Dana Inc. has announced financial results for the fourth quarter and full-year for 2016.
“Dana had an excellent 2016 as the team executed our plan very effectively. We successfully launched multiple customer vehicle programs and improved our profitability through cost performance, despite having to overcome significant weakness in certain key end-markets,” said James Kamsickas, Dana president and CEO. “Our core business continues to expand while we have efficiently grown inorganically by acquiring businesses that align with our enterprise strategy.”
Fourth-Quarter 2016 Financial Results
Sales for the fourth quarter of 2016 totaled $1.45 billion, compared with $1.38 billion in same period of 2015, representing a 5 percent increase. The company said this increase was largely attributable to higher light-vehicle end-market demand in North America, Europe and Asia, as well as new business gains. The benefits from the stronger light-vehicle market were partially offset by weaker demand in the commercial vehicle and off-highway markets.
Net income attributable to Dana for the fourth quarter of 2016 was $485 million, compared with a loss of $82 million in the fourth quarter of 2015. The company’s fourth quarter 2016 results included a $490 million tax benefit compared with a tax expense of $92 million in the same period of 2015. Net income in 2016 includes a tax benefit for the release of valuation allowance against U.S. deferred tax assets of $501 million, offset in part by a $23 million net addition to valuation allowances provided in other countries. These benefits to net income were reduced by a pre-tax charge of $80 million ($52 million after-tax) from the divestiture of subsidiaries. The fourth quarter of 2015 included nonrecurring tax and equity investment impairment charges of $118 million.
Reported diluted earnings per share were $3.34 in the fourth quarter of 2016, compared with a loss per share of $0.54 in 2015.
Adjusted EBITDA for the fourth quarter of 2016 was $166 million, a $37 million increase over the same period last year. This provided an 11.5 percent margin, which was a 210 basis point improvement over the fourth quarter of 2015. Profit in 2016 benefited from higher sales volume and pricing recoveries, transactional foreign currency impacts, and improved cost performance, mainly in the Commercial Vehicle segment.

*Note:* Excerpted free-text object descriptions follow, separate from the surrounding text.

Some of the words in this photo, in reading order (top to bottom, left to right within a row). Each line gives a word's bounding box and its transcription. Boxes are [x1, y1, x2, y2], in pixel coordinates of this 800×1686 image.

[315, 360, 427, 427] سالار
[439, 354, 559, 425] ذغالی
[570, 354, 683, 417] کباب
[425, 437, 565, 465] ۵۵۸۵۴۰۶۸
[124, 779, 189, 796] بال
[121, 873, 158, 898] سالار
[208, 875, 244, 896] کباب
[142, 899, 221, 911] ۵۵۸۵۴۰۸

Excluding the effects of certain nonrecurring items such as the above-mentioned income tax valuation allowance adjustments, loss on divestitures, and impairment charges, diluted adjusted earnings per share in the fourth quarter of 2016 were 59 cents, compared with 34 cents in the same period last year. This was driven primarily by a year-over-year fourth-quarter 2016 earnings improvement, as well as a lower share count.
Full-Year 2016 Financial Results Sales for 2016 were $5.83 billion, $234 million lower compared with 2015, primarily due to unfavorable currency translation that lowered sales by $173 million. Strong market demand, pricing, and new business wins in the company’s Light Vehicle Driveline and Power Technologies business units provided a combined organic increase in sales of $322 million. These gains were more than offset by currency headwinds and lower demand in commercial vehicle and global off-highway markets.
Net income attributable to Dana for the full-year 2016 was $640 million, compared with $159 million in 2015. Net income in 2016 benefited from the above-mentioned $478 million fourth-quarter net release of tax valuation allowances offset in part by after-tax charges of $52 million on divestitures and loss on debt extinguishment of $11 million. Net income in 2015 was impacted by net non-recurring charges of $68 million.
Excluding the impact of these non-recurring items in both years, net income attributable to Dana was $225 million in 2016, compared with $227 million in 2015. Adjusted EBITDA for 2016 was $660 million, or 11.3 percent of sales, 50 basis points higher than 2015, as all product groups improved margins in 2016. Foreign currency effects reduced adjusted EBITDA by $20 million, with lower sales volume net of pricing reduced earnings by $19 million. Higher end-market demand, new customer programs, and cost recoveries in the Light Vehicle Driveline and Power Technologies businesses, was offset by weaker volumes in the commercial vehicle and off-highway markets. A combination of strong cost performance and gains associated with the recently divested Dana Companies subsidiary contributed $47 million to adjusted EBITDA, which more than offset the currency and volume headwinds. The benefit to net income from increased adjusted EBITDA was offset by higher restructuring expense.
Diluted earnings per share were $4.36 for 2016, compared with 99 cents in 2015, primarily reflecting a higher level of non-recurring tax benefits in 2016 discussed above. Diluted adjusted earnings per share for 2016 were $1.94, compared with $1.74 in 2015, a 12 percent increase reflecting a lower share count from execution of the company’s share repurchase program.
“We look forward to 2017, which will be another year of important transformation as we launch new programs across the company and convert our new business backlog into production,” said Kamsickas. “Separately, we are off to a great start by completing the Brevini acquisition in less than three months, after reaching a definitive agreement.”